While currently in a season of crying out for fresh spiritual fire, I have found myself freshly aware of my terrible depravity. Figures. This morning I was praying Psalms 51 (which I do often) asking God to “purge” my iniquity.

As my prayer became very intense and I began to see myself lying prostrate before the throne. As this imagery became stronger in my mind I actually thought, “sweet I’m going into a vision.” I knew there was God on the throne and he was surrounded by creatures, I wasn’t able to look directly at Him or the creatures but was aware of them. Around me was many diamonds, but they were flat and like the diamond shape on a playing card, lying seemingly prostrate before the throne. ( I believe these may be other people ) As I continued praying “purge my iniquity,” I saw myself lying in a blackness. I started getting depressed seeing that I was in darkness, it seemed. I continued crying out “purge my iniquity,” hoping that maybe an angel would come with a coal and cleanse my lips, like Isaiah’s experience. (Isaiah 6) Instead, I noticed I was actually lying in and on black coals. Coals that were no longer burning. I became more depressed realizing that all these coals were past times in which the Lord had come and mercifully cleansed my sin. At this point I wanted the vision to change badly. I kept trying to force the vision to be different, trying to imagine that an angel did come after all and cleanse my lips again, making me clean, and making all the blackness go away, but I could not change the vision. I just lay there in darkness, on top of and surrounded by coals, circled by my past failures.
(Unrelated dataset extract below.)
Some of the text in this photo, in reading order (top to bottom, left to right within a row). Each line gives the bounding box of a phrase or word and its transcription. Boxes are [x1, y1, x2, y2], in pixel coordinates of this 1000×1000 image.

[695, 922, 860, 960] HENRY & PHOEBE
So I then began to drift out of the vision, becoming more aware of my surroundings in the natural. I was glad that God had cleansed me so many times, but not satisfied with what I was seeing, nor feeling resolved. After a few minutes, I heard a small voice in my mind say, “My work is complete, I’m going to light that coal on fire.” - Richy Clark

Monday, July 27, 2009

The Emphasis on De-Emphasis

God loves us whether we feel Him or not! He is faithful whether we are aware of His faithfulness or not; but, how healthy is it for a church or ministry to overly emphasize our lack of encounter? This can be similar to making doctrine to justify a lack of healing in our midst. Is it fruitful for a congregation to regularly emphasize and dwell upon our weakness? (albeit somewhat true) To say that we don’t have to shout when we pray, be excited when we worship, or feel emotional about Jesus? Is it healthy to believe we may live our lives without feeling His presence, “as long as we believe we are faithful!”?
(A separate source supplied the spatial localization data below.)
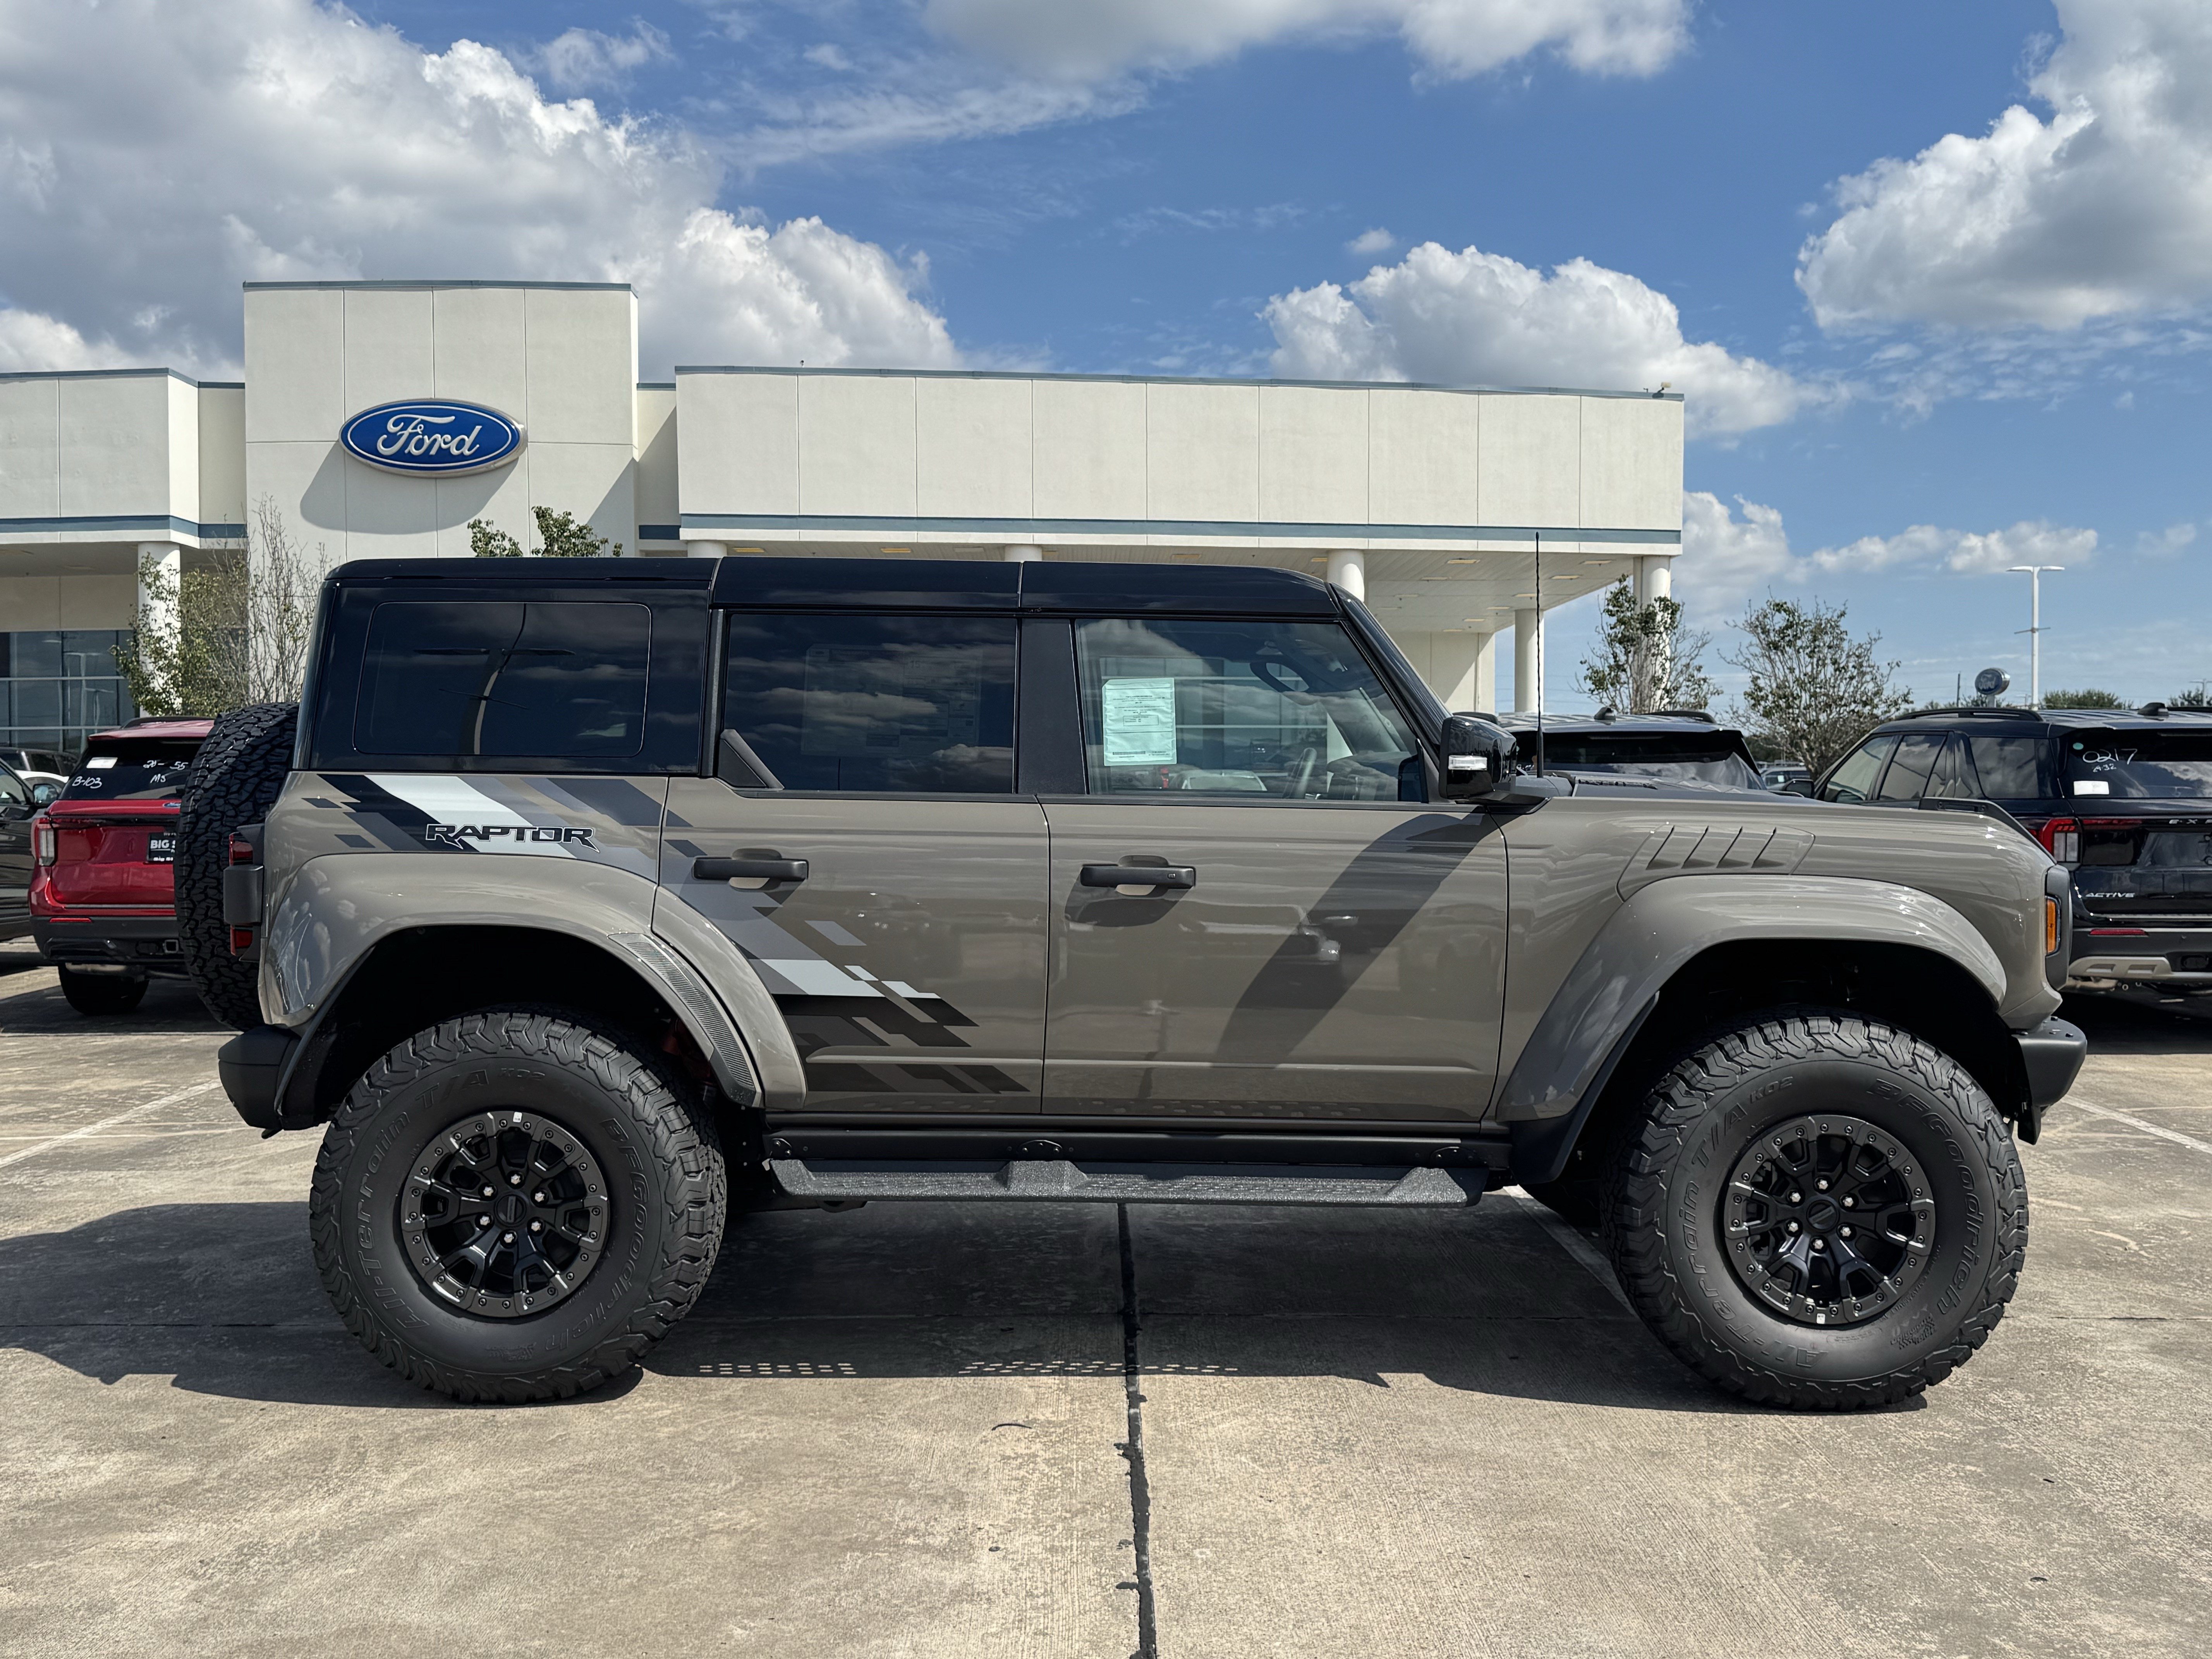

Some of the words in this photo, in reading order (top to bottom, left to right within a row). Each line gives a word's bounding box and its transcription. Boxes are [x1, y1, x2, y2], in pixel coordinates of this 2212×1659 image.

[376, 414, 483, 456] Ford
[2083, 748, 2138, 765] 0217
[72, 776, 102, 789] B-103
[150, 839, 170, 849] BIG
[425, 824, 600, 853] RAPTOR
[1750, 1076, 1794, 1104] KO2
[1691, 1103, 1748, 1168] T/A
[356, 1111, 431, 1333] All-Terrain
[414, 1069, 489, 1109] T/A
[1866, 1078, 1985, 1317] BFGoodrich
[544, 1117, 651, 1352] BFGoodrich
[1678, 1181, 1828, 1368] All-Terrain
If we make it a practice to emphasize what we should not be doing, because certain forms or beliefs are deemed religious or insincere, we risk creating a counter-movement that is equally religious and insincere.

If we make doctrine (written or cultural) based on our lack of spiritual experience or breakthrough, we risk creating an atmosphere of false contentment, where the church is not contending for a greater manifestation of God in their midst.
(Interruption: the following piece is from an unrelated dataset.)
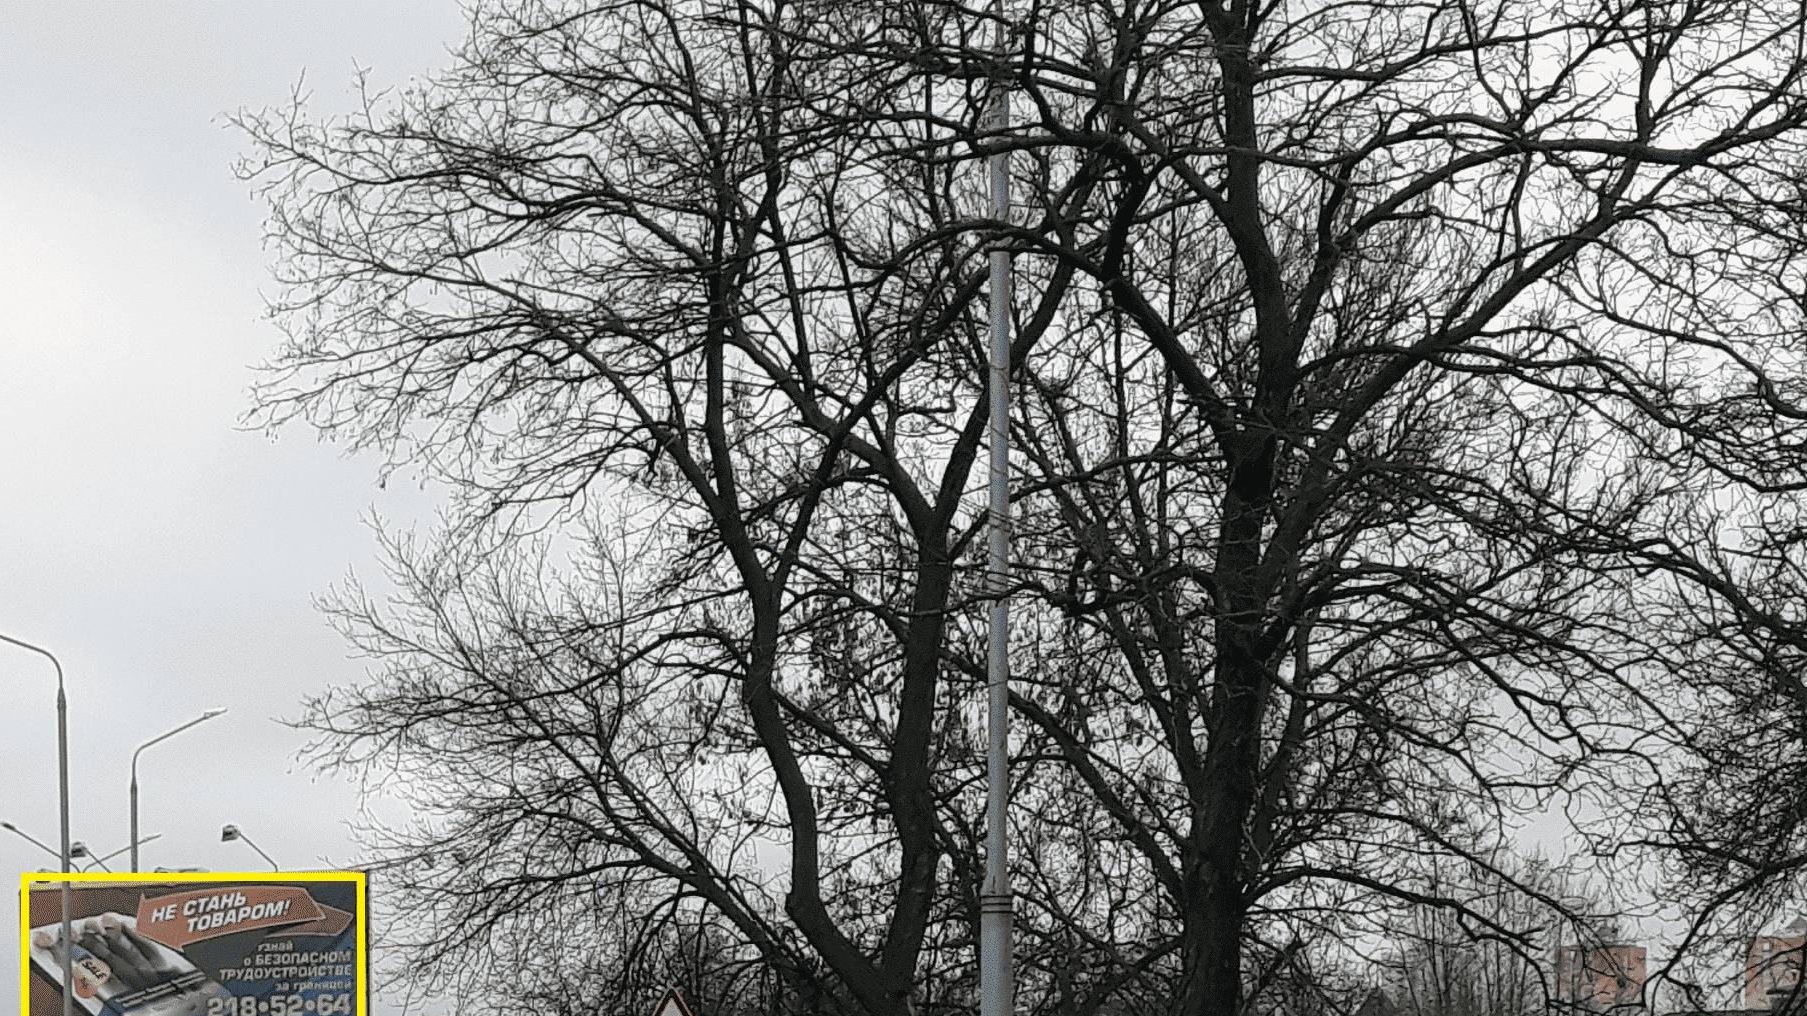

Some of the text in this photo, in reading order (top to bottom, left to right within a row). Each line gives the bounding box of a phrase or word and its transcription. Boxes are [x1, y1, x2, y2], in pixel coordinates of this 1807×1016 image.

[151, 891, 247, 923] НЕ СТАНЬ
[187, 899, 292, 933] ТОВАРОМ!
[255, 950, 352, 966] БЕЗОПАСНОМ
[219, 963, 353, 981] ТРУДОУСТРОЙСТВЕ
I have a confession, I want to feel God! I want to be filled continually with His unspeakable joy! I want to weep when He weeps, laugh when he laughs. God is emotional, and so am I. I want to be continually spiritually discontent causing me to cry out for a greater breakthrough for my generation, all the while being completely content in Christ’s sufficiency for me. I will shout in worship, if my heart says shout!

Listen, there truly is a lot of flakey mess in the body of Christ! And I certainly believe churches should be taught to avoid certain practices and excesses. However, we must have an overriding emphasis on who we are in Christ, (the resurrected side of the cross) and help create an atmosphere of faith for greater breakthrough by raising the bar of our spiritual expectancy. As Paul stated, “earnestly desiring spiritual gifts…”

God doesn’t necessarily respond to those who have an excessive amount of self control, but those who have faith!

Yes, He likes us just as we are, and Yes He wants us to contend for more.